Make an exact copy of the records, leaving out the images.

**** Records to use ****

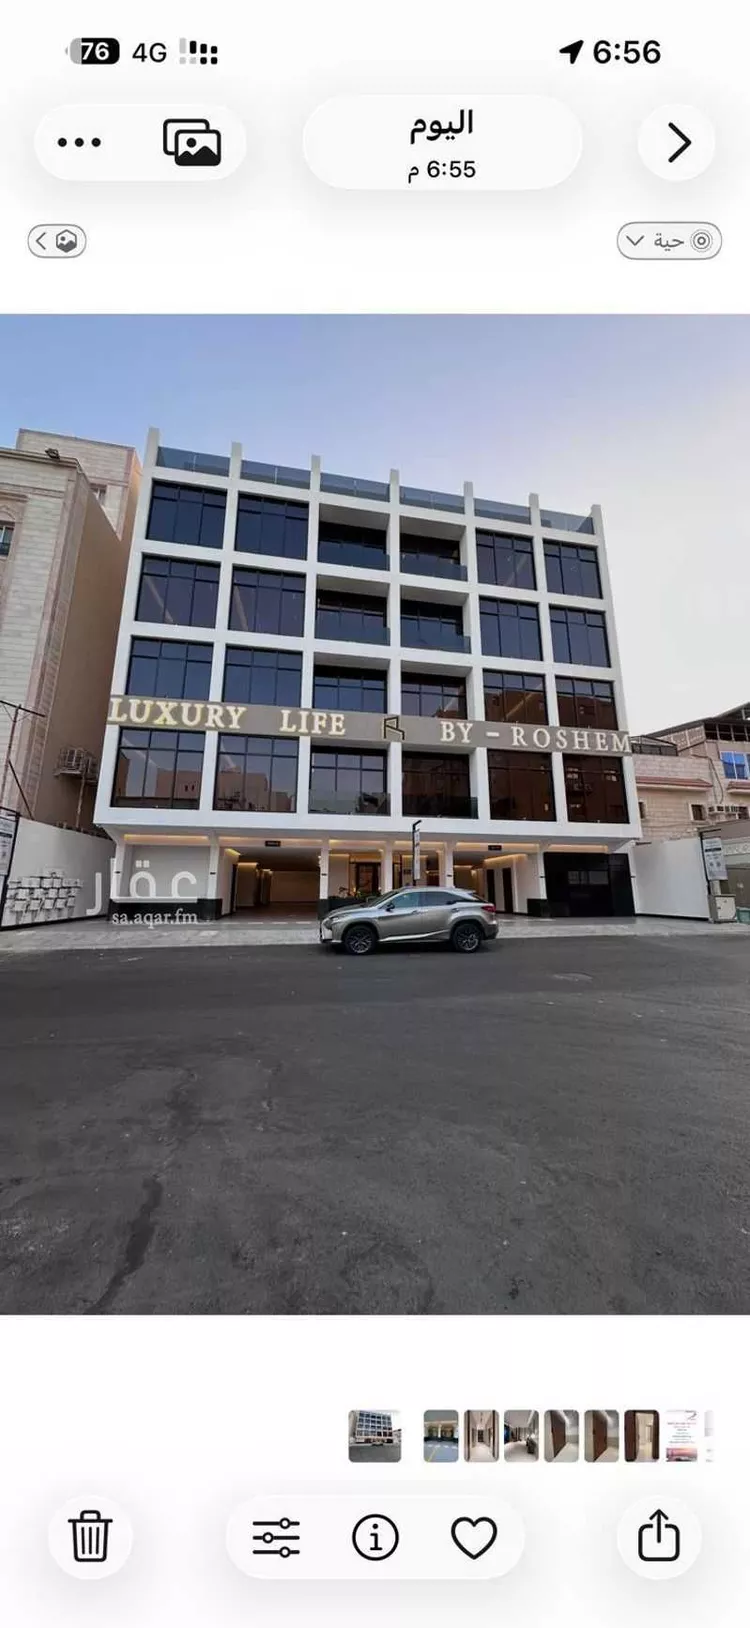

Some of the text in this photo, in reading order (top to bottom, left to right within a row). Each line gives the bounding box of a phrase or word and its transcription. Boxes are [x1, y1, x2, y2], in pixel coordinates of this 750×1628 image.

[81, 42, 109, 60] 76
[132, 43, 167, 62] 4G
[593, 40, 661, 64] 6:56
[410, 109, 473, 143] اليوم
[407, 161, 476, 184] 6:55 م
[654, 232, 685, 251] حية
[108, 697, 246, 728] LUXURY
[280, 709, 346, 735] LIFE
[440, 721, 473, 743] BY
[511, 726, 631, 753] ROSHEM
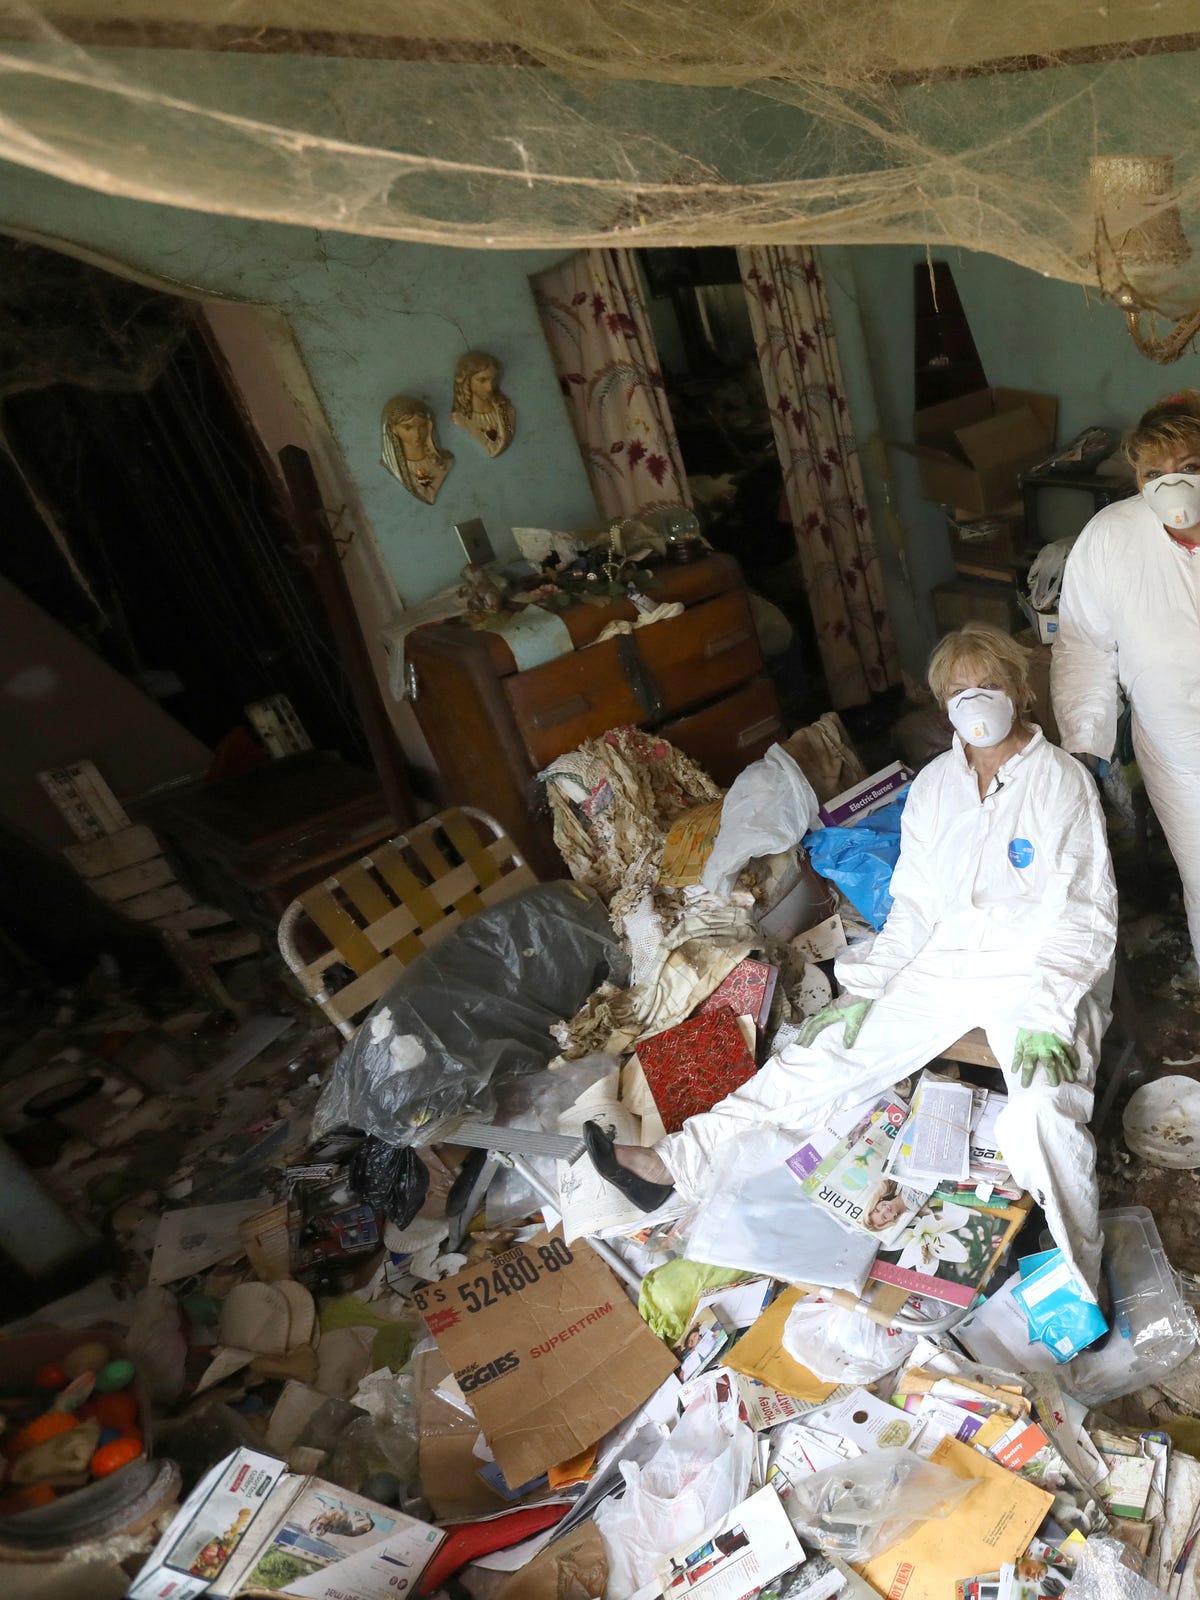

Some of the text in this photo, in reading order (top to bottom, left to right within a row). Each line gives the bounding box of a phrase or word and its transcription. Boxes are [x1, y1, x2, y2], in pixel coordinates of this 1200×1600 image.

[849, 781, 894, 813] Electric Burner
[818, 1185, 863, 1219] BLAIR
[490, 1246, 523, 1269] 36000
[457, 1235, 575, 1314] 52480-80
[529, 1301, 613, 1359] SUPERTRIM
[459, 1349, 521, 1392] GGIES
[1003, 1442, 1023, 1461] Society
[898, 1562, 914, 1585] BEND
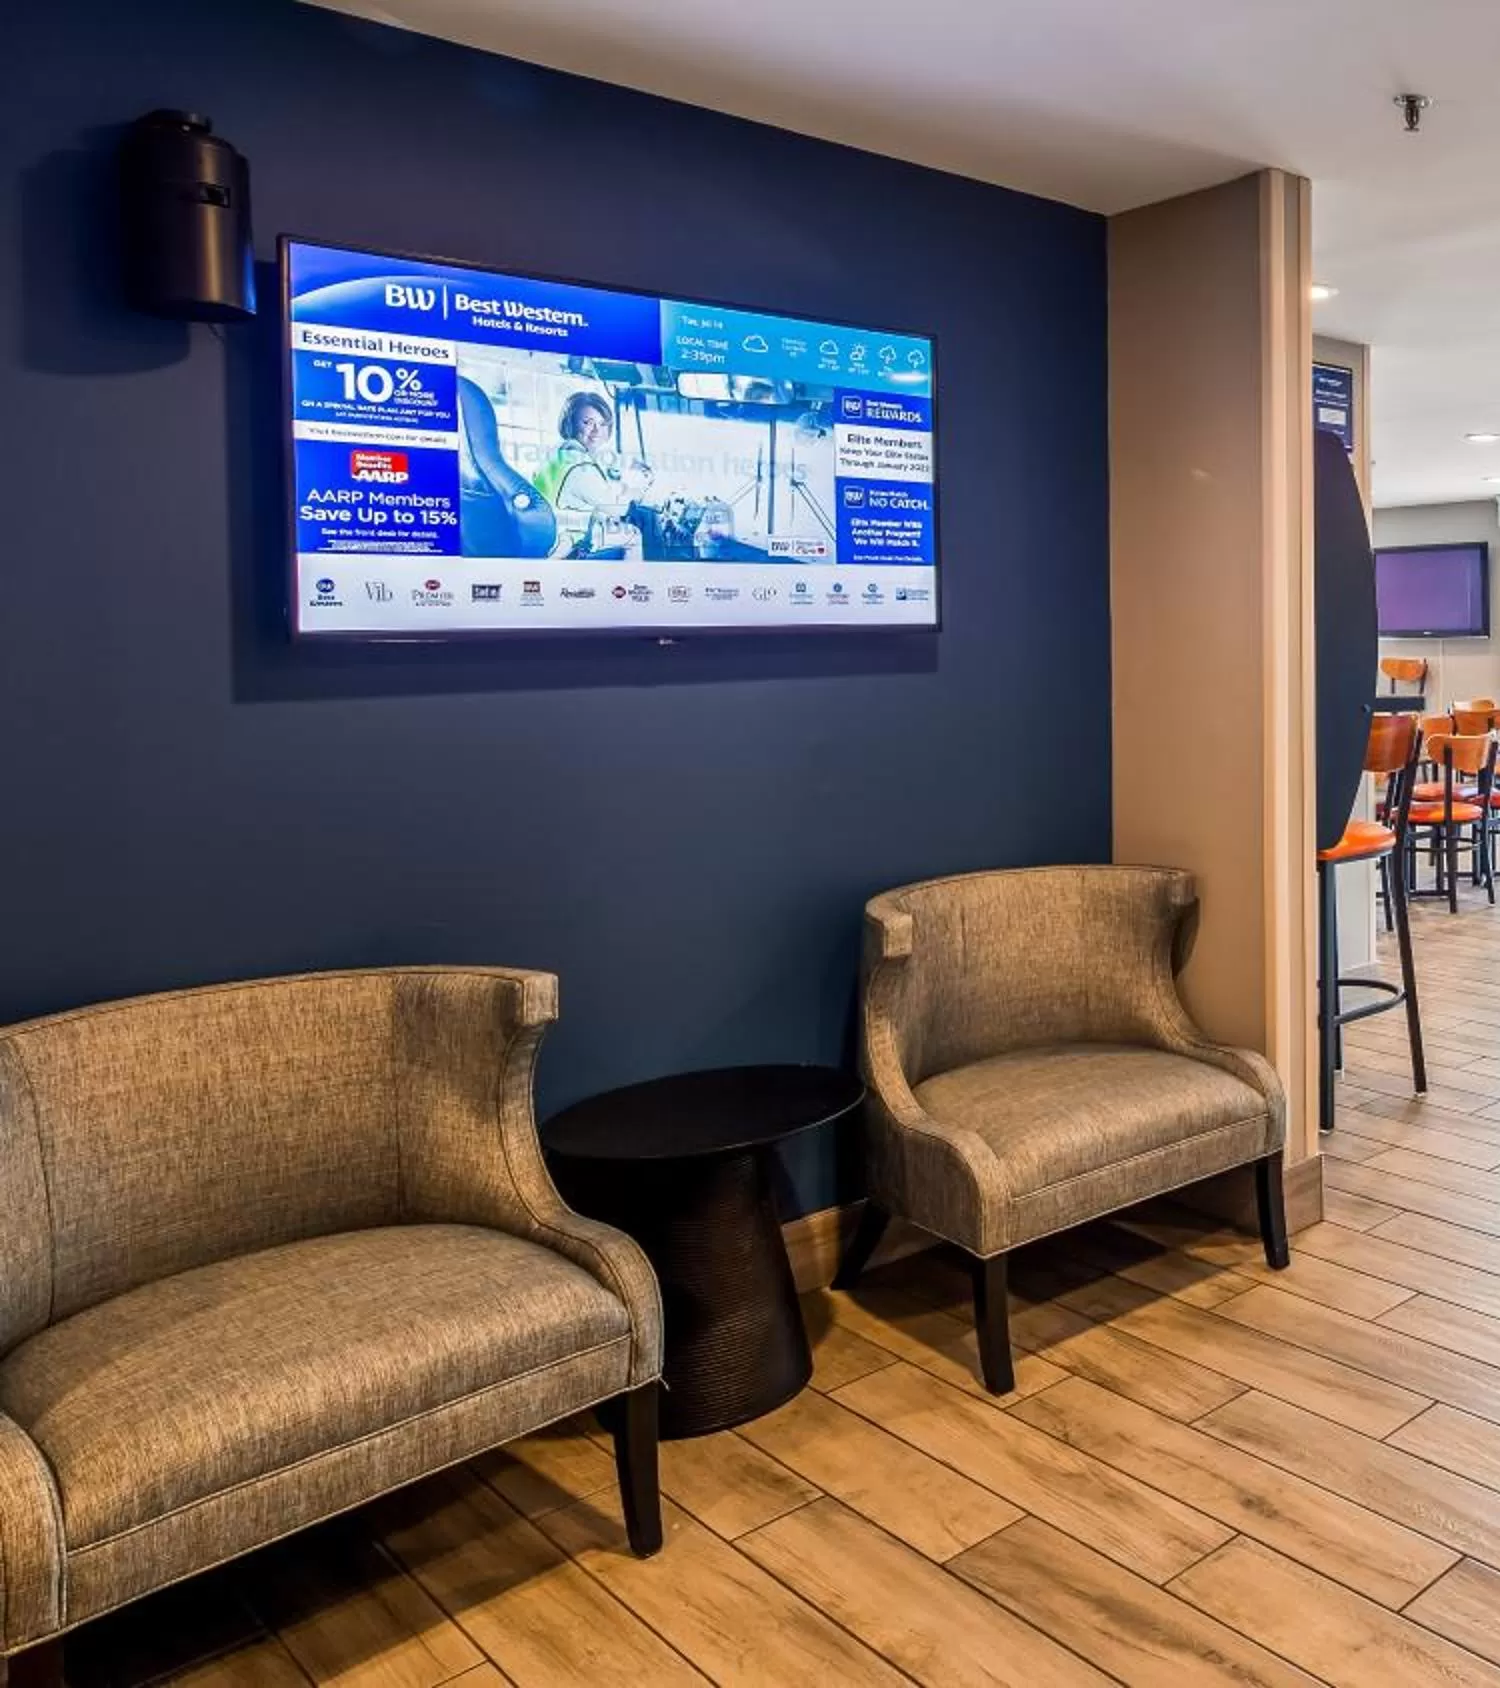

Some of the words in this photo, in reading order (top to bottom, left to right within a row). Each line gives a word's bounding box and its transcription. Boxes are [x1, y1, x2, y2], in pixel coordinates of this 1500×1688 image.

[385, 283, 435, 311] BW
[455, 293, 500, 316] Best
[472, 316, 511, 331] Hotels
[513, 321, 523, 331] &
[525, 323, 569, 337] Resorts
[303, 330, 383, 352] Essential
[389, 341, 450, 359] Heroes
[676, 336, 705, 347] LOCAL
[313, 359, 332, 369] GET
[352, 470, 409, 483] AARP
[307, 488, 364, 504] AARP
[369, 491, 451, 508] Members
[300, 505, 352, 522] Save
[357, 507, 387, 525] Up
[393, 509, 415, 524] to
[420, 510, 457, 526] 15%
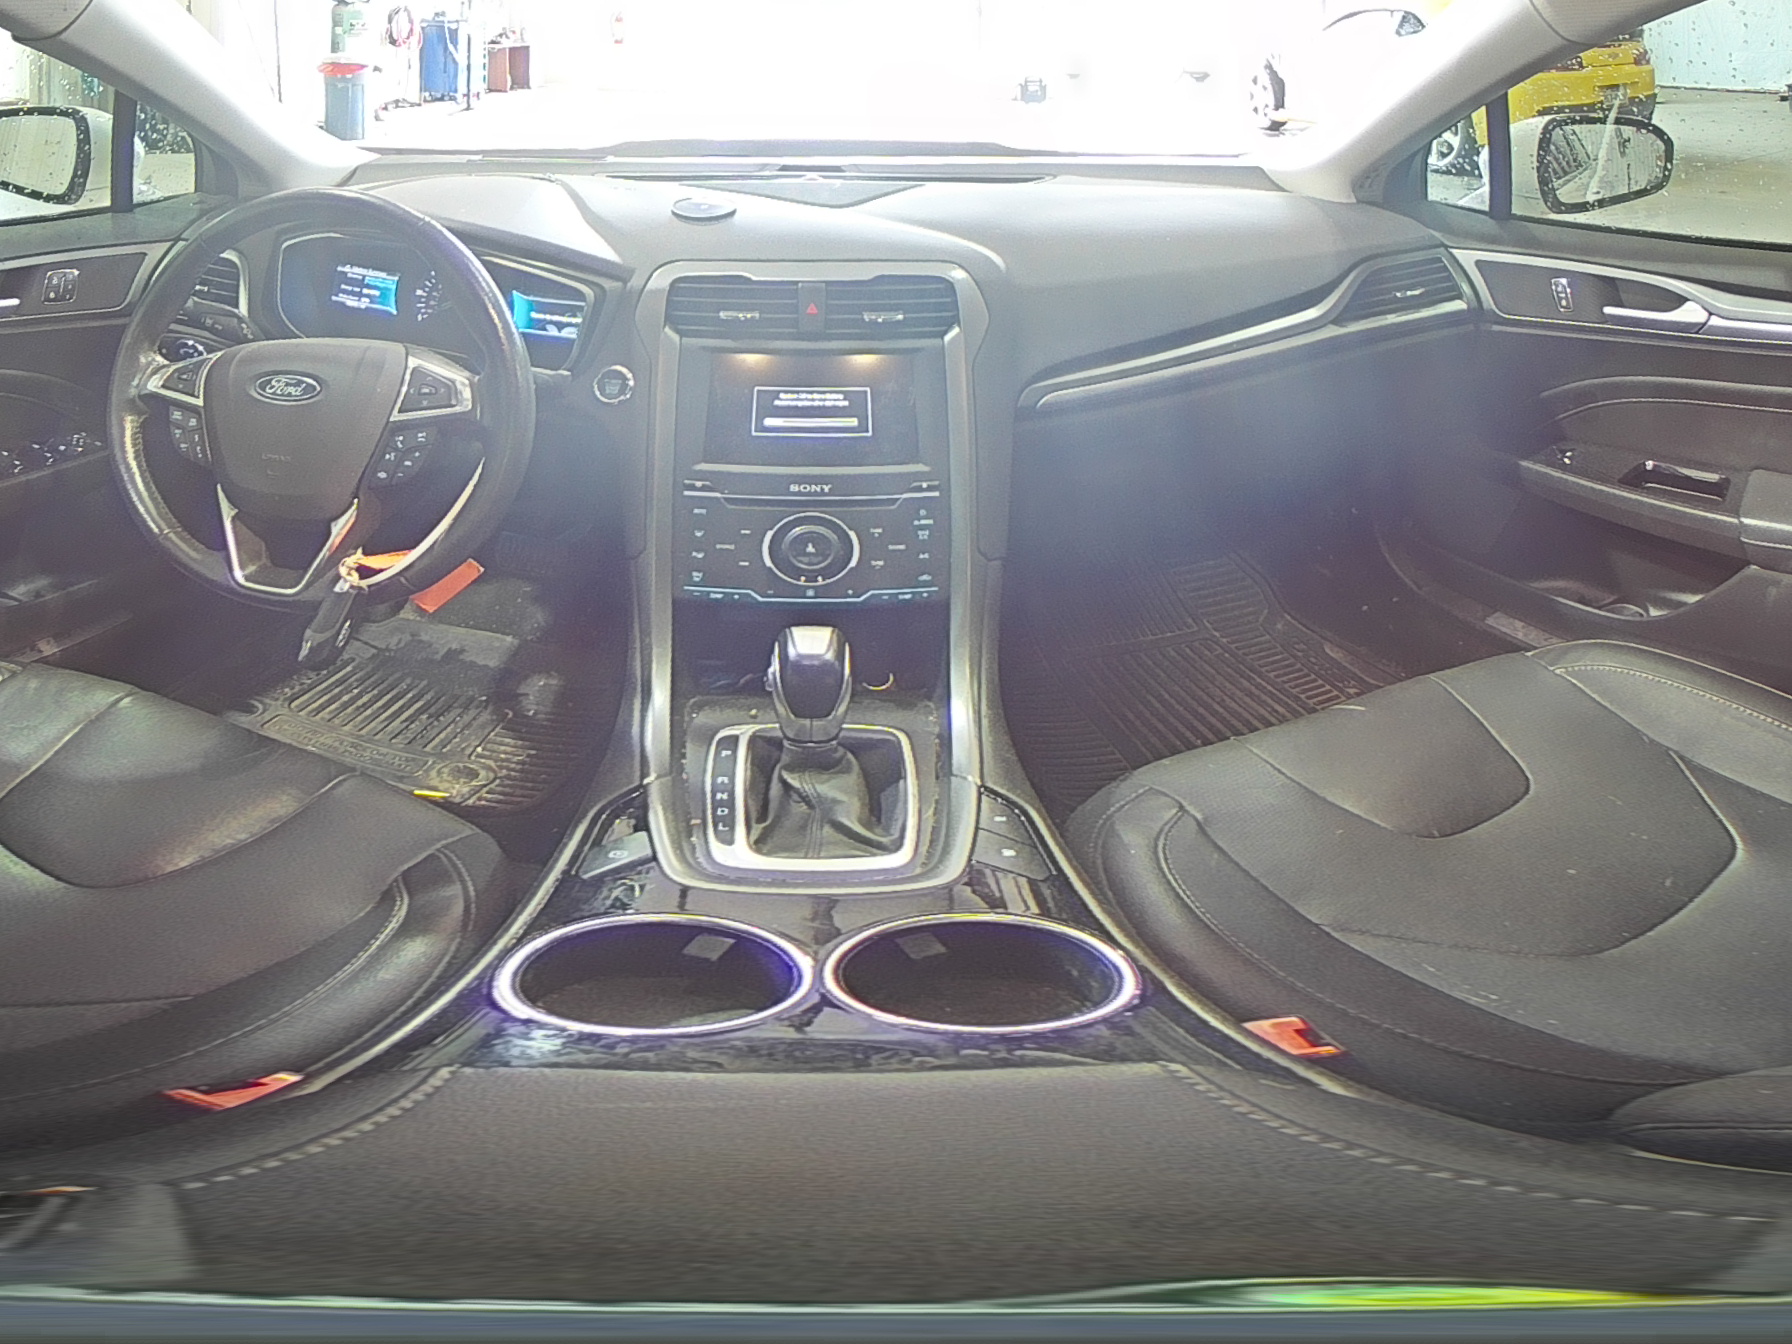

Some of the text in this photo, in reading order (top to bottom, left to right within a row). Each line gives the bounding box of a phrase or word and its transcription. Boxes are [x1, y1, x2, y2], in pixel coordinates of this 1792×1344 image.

****

◆ Output for this exercise
Some of the text in this photo, in reading order (top to bottom, left to right within a row). Each line gives the bounding box of a phrase or word and its transcription. Boxes are [x1, y1, x2, y2], in pixel coordinates of this 750×1628 image.

[81, 42, 109, 60] 76
[132, 43, 167, 62] 4G
[593, 40, 661, 64] 6:56
[410, 109, 473, 143] اليوم
[407, 161, 476, 184] 6:55 م
[654, 232, 685, 251] حية
[108, 697, 246, 728] LUXURY
[280, 709, 346, 735] LIFE
[440, 721, 473, 743] BY
[511, 726, 631, 753] ROSHEM

Some of the text in this photo, in reading order (top to bottom, left to right within a row). Each line gives the bounding box of a phrase or word and its transcription. Boxes are [x1, y1, x2, y2], in pixel coordinates of this 1200×1600 image.

[849, 781, 894, 813] Electric Burner
[818, 1185, 863, 1219] BLAIR
[490, 1246, 523, 1269] 36000
[457, 1235, 575, 1314] 52480-80
[529, 1301, 613, 1359] SUPERTRIM
[459, 1349, 521, 1392] GGIES
[1003, 1442, 1023, 1461] Society
[898, 1562, 914, 1585] BEND

Some of the words in this photo, in reading order (top to bottom, left to right within a row). Each line gives a word's bounding box and its transcription. Boxes are [x1, y1, x2, y2], in pixel coordinates of this 1500×1688 image.

[385, 283, 435, 311] BW
[455, 293, 500, 316] Best
[472, 316, 511, 331] Hotels
[513, 321, 523, 331] &
[525, 323, 569, 337] Resorts
[303, 330, 383, 352] Essential
[389, 341, 450, 359] Heroes
[676, 336, 705, 347] LOCAL
[313, 359, 332, 369] GET
[352, 470, 409, 483] AARP
[307, 488, 364, 504] AARP
[369, 491, 451, 508] Members
[300, 505, 352, 522] Save
[357, 507, 387, 525] Up
[393, 509, 415, 524] to
[420, 510, 457, 526] 15%

Some of the text in this photo, in reading order (top to bottom, left to right within a row). Each line gives the bounding box of a phrase or word and its transcription. Boxes are [x1, y1, x2, y2], in pixel coordinates of this 1792×1344 image.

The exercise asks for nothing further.